*** Opening Exercise inputs ***

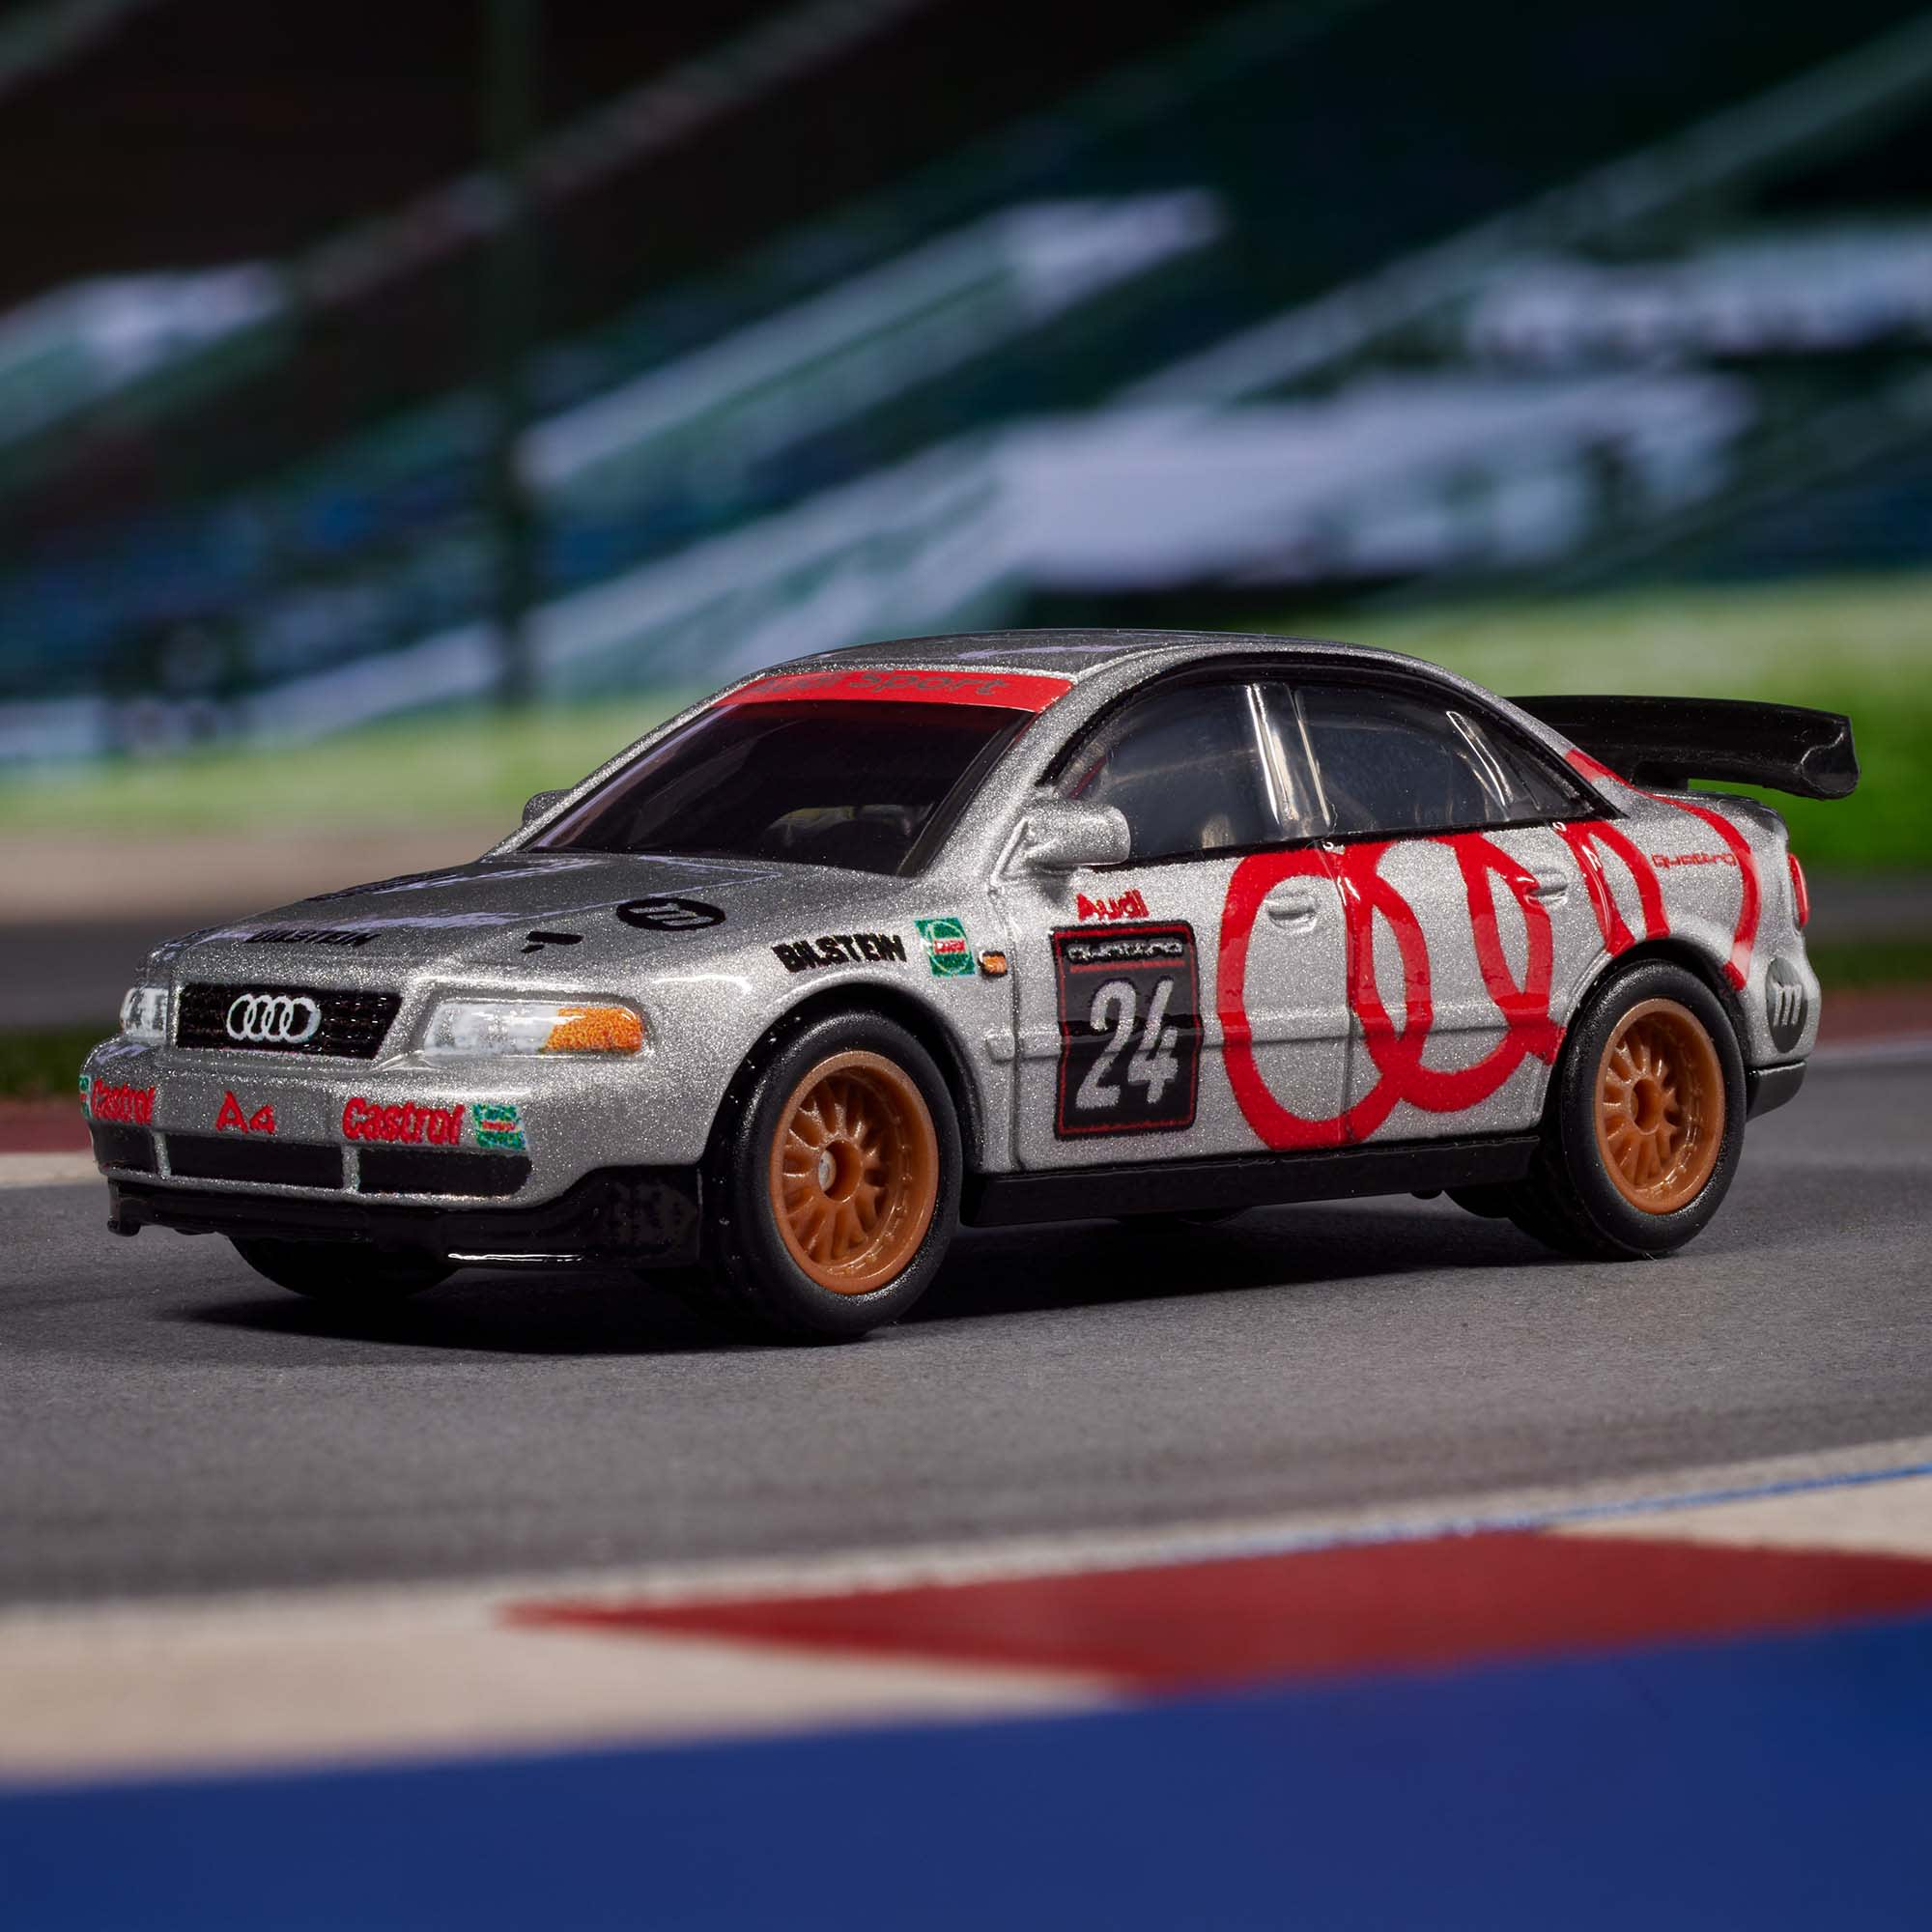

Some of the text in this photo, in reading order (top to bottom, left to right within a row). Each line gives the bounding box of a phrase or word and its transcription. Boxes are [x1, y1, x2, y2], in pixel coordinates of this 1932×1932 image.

[1076, 890, 1150, 923] Audi
[771, 932, 908, 974] BILSTEIN
[1075, 978, 1179, 1109] 24
[215, 1091, 275, 1134] A4
[341, 1096, 466, 1147] Castrol
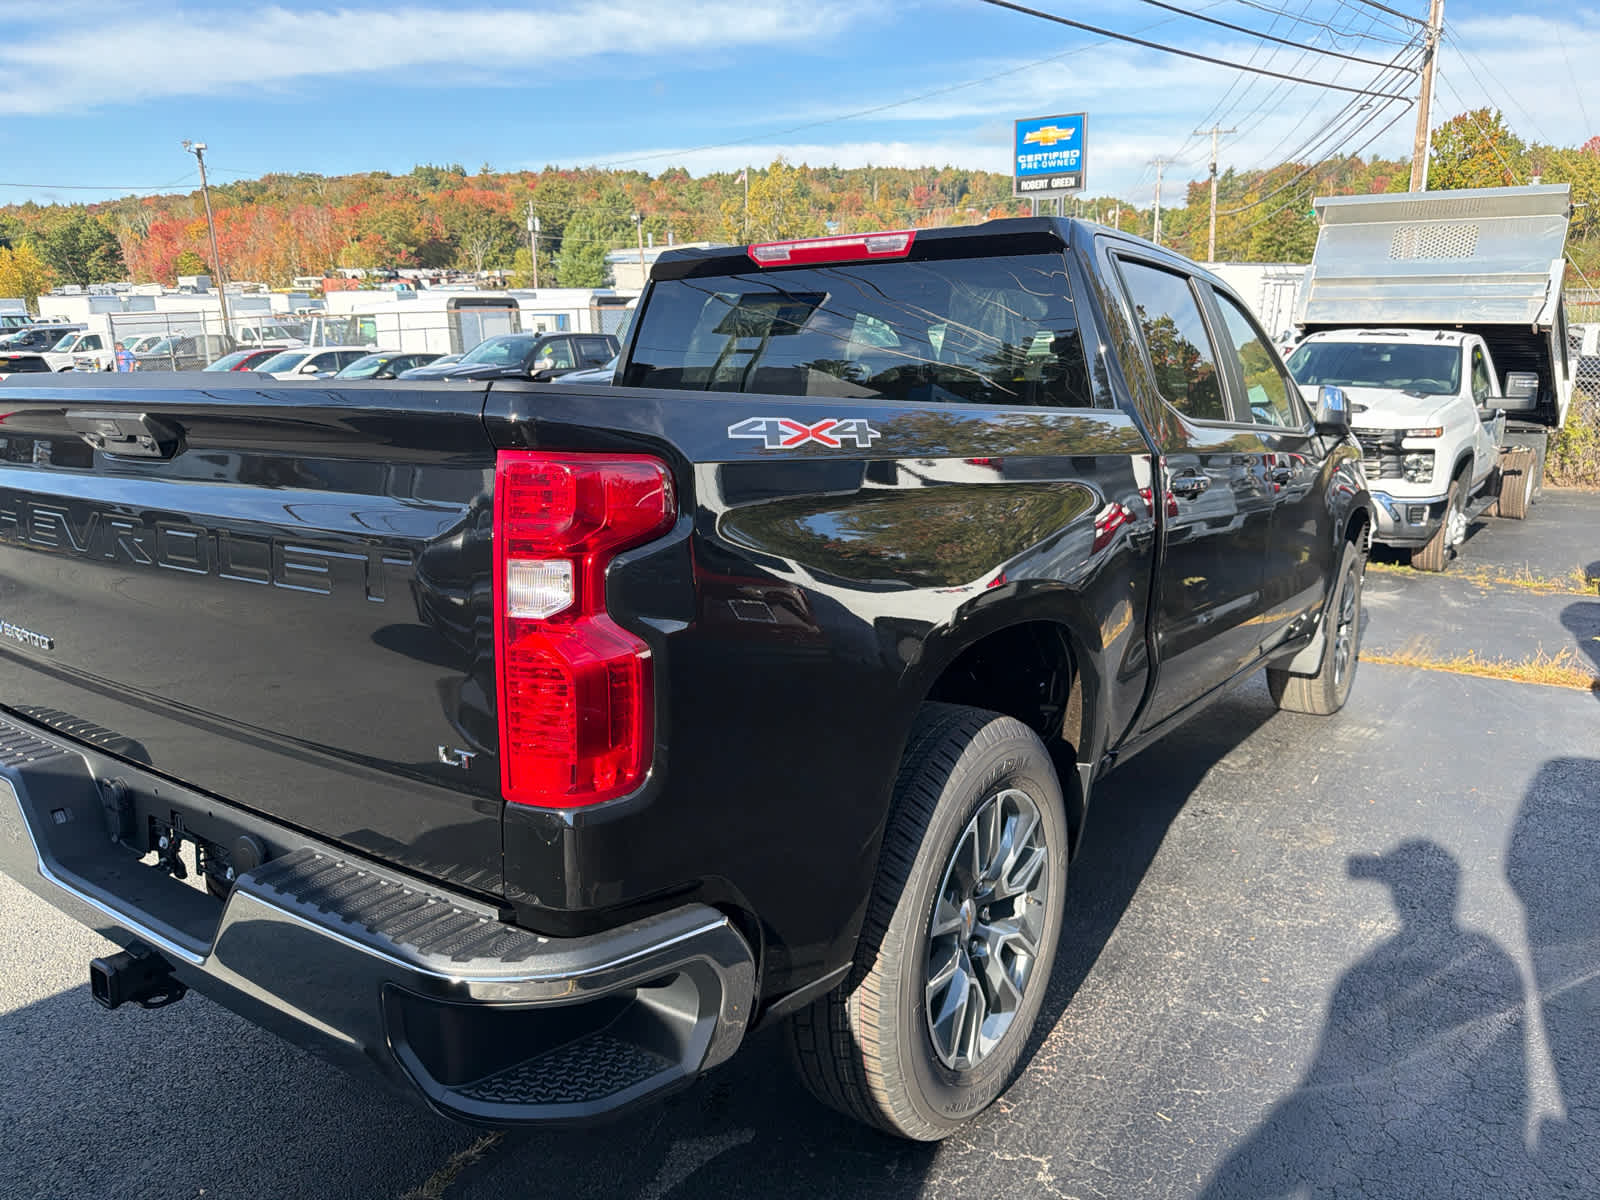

*** Closing Exercise inputs ***

**Work to complete:** Give the listing again word for word, but drop every picture.

**Reply:**
Some of the text in this photo, in reading order (top to bottom, left to right within a row). Each line gives the bounding box of a phrase or word and its transcription. Boxes are [x1, y1, x2, y2], in pixel coordinates of this 1932×1932 image.

[1076, 890, 1150, 923] Audi
[771, 932, 908, 974] BILSTEIN
[1075, 978, 1179, 1109] 24
[215, 1091, 275, 1134] A4
[341, 1096, 466, 1147] Castrol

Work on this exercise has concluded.